Exposure of biofilms to OCT and CHG solutions led to extensive damage of bacterial cell integrity as indicated by positive propidium iodide staining (Fig. 3), whereas the viability of bacteria in biofilms and the cell integrity of the same strain and maturation state were only weakly affected by POL and CLO and only slightly affected by exposure to 2% MUP for 2 h, similar to that seen in the exposure to WSH only. Additionally, no restrictions of biofilm permeation could be detected for the OCT- and CHG-mediated biofilm killing effects as indicated by the fact that the damage to the biofilm was not restricted to the outside layer.

Fig. 3
figure 3

Killing and permeation of MRSA-biofilms by antimicrobials Live/dead-staining using Syto 9 and propidium iodide stains of MRSA biofilms after exposure to WSH, 0.1% OCT, 2% CHG, 0.24% POL, 0.24% CLO, and 2% MUP for varying exposure times. Green: bacteria in biofilm; red: bacterial cell death or defective bacterial cell integrity; yellow: dead bacteria in biofilm

Full size image

Regarding the bactericidal effects, each of the four tested disinfectants, OCT, CHG, POL, and CLO, reached a LRF10 using planktonic MRSA of at least 4 after 1 h of exposure. In contrast, exposure of MRSA to a 2% MUP solution yielded an LRF10 of 0.11 ± 0.2 after 1 h and 2.3 ± 1.8 after 24 h of exposure (Fig. 2).

Discussion

Our data provide evidence that OCT and CHG are effective components for disinfection of MRSA biofilms in vitro and that exposure to MUP at the standard concentrations in topical preparations up to 2% does not effectively inhibit the metabolic activity of MRSA biofilms, even after the prolonged exposure of 3.5 h. The limited efficacy of MUP against the bacteria in biofilms has previously been described [35]. The biofilm probably provides a physical barrier for MUP so that only insufficient concentrations are reached in the bacteria themselves. Therefore, biofilm formation could influence development of resistance since bacteria in biofilms simply might have more time to adapt to low concentrations of MUP. However, further studies are needed to evaluate actual interactions of MUP with bacterial biofilms.

Nevertheless, our results show that MUP did not have significant bactericidal effects even on planktonic bacteria. In conclusion, MUP has mainly bacteriostatic effects, i.e., inhibition of bacterial growth and reproduction, and only minor effects when bacteria are in biofilms.

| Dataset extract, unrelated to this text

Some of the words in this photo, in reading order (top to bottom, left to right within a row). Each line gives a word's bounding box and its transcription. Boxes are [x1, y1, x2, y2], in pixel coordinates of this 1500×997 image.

Biofilms might be the missing link in understanding the rapid development of resistance when MUP-based regimens are used routinely among general inpatient populations.

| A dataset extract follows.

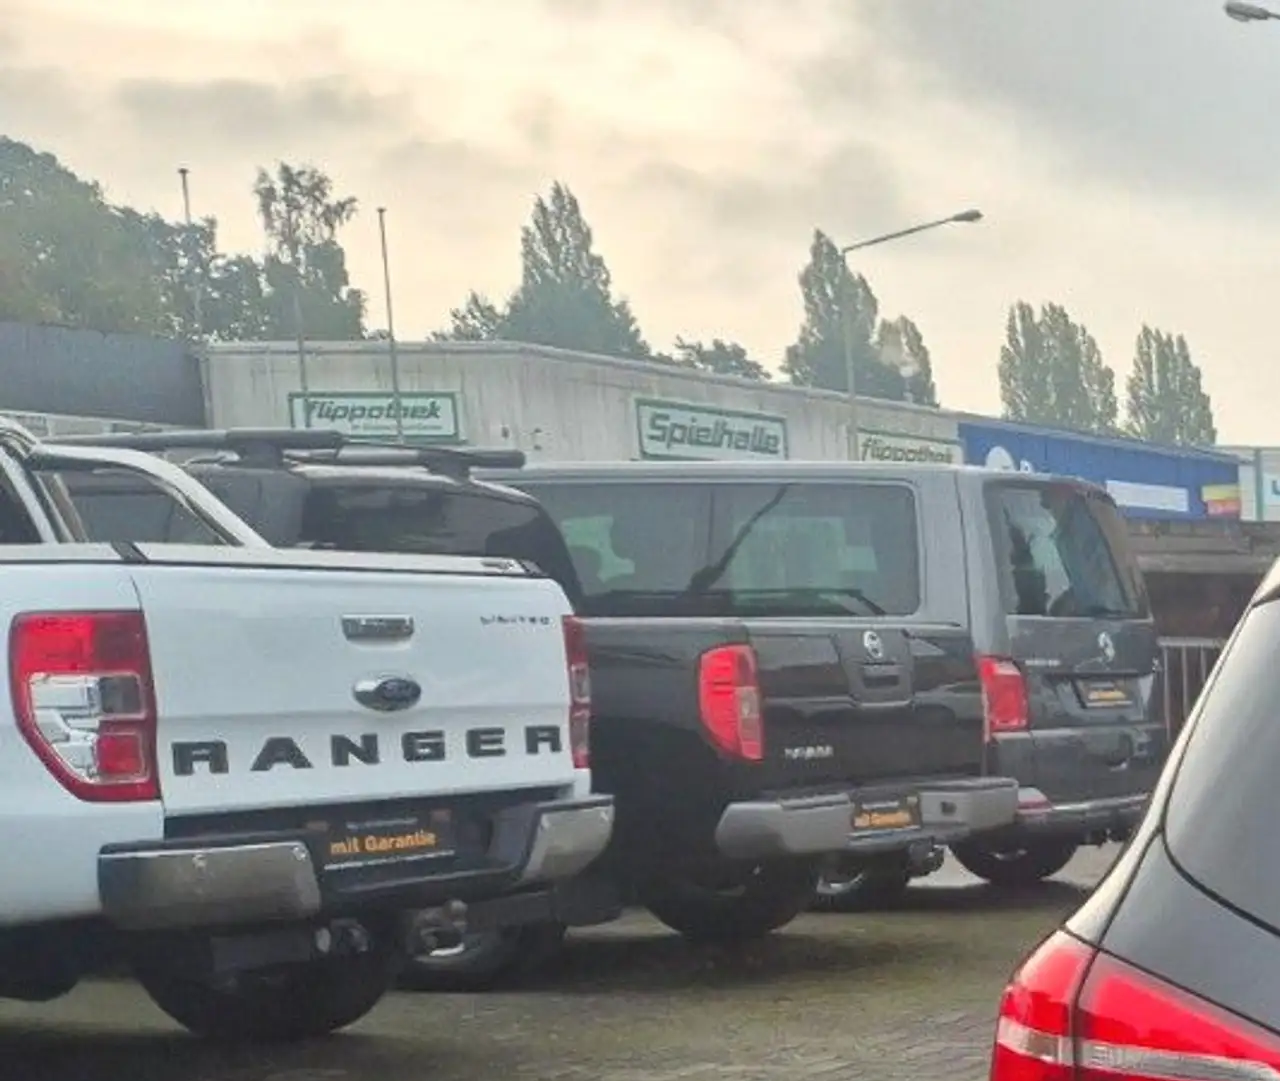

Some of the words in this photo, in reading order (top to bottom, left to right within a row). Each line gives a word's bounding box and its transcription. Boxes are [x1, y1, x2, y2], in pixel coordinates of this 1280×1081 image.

[648, 412, 781, 454] Spielhalle
[172, 724, 563, 776] RANGER
[330, 836, 360, 855] mit
[364, 828, 437, 851] Garantie

One limitation of our study is that we cannot estimate the fraction of MRSA strains that are strong biofilm formers. However, this issue should be addressed in future studies. As previously mentioned, one study on 810 nasal carriers of S. aureus and MRSA showed that all isolated MRSA strains were biofilm formers; however, only 34.6% were medium to strong biofilm producers [7]. The larger the fraction of strong biofilm formers among MRSA strains, the more impact a change in the decolonization regimen will have.

Conclusions

The standard MRSA decolonization protocols at referral at our health care facility consist of 5 days of MUP treatment as nasal ointment and additional antiseptic washing of body and daily change of bed linen. Our data suggest that combining an MUP-based decolonization regimen with a disinfectant such as OCT or CHG could increase the efficacy of decolonization in patients colonized with biofilm-forming MRSA. In patients who failed the first decolonization attempt, one possible approach could be to change the 5 days of MUP treatment of the standard decolonization regimen to (1) two days of primary disinfection with either OCT or CHG as a nasal ointment followed by (2) three days of treatment with MUP for suppression of re-colonization. Obviously, this new regimen needs to be evaluated as randomized-controlled trial. Decolonization studies using OCT already show good decolonization rates (67%); however, to our knowledge, no long-lasting effects with regards to re-colonization have yet been reported [36].